(RECORDS FOR THE TASK Opens)
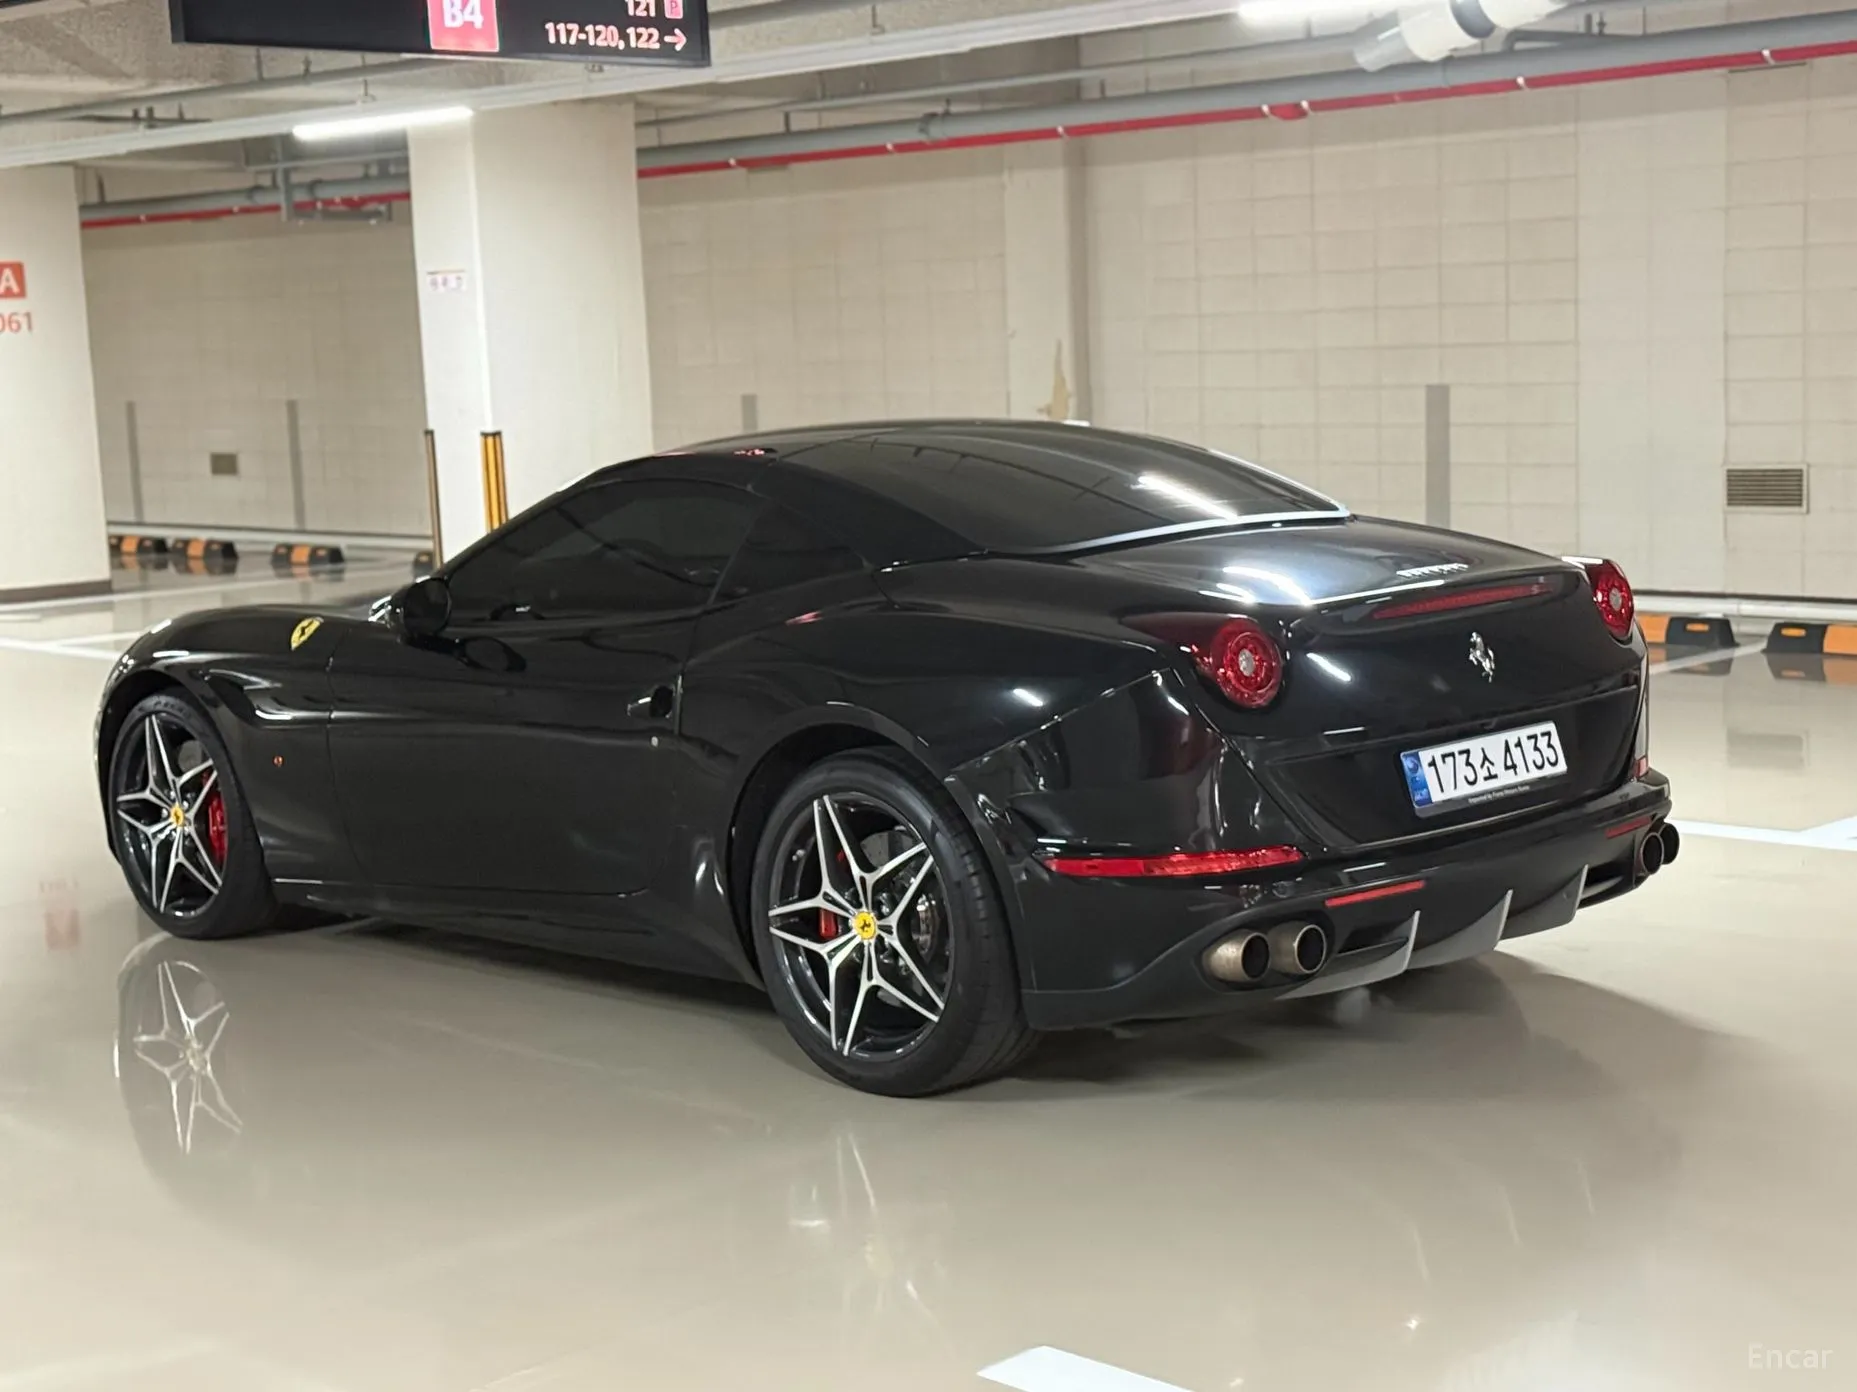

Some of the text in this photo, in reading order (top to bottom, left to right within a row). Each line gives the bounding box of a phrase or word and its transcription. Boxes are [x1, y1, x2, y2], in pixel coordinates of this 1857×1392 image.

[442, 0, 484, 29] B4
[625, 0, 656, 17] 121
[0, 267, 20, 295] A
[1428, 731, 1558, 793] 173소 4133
(RECORDS FOR THE TASK Closes)
Once the pictures are removed, return the entries exactly as they stand.

Some of the text in this photo, in reading order (top to bottom, left to right within a row). Each line gives the bounding box of a phrase or word and its transcription. Boxes are [x1, y1, x2, y2], in pixel coordinates of this 1857×1392 image.

[442, 0, 484, 29] B4
[625, 0, 656, 17] 121
[0, 267, 20, 295] A
[1428, 731, 1558, 793] 173소 4133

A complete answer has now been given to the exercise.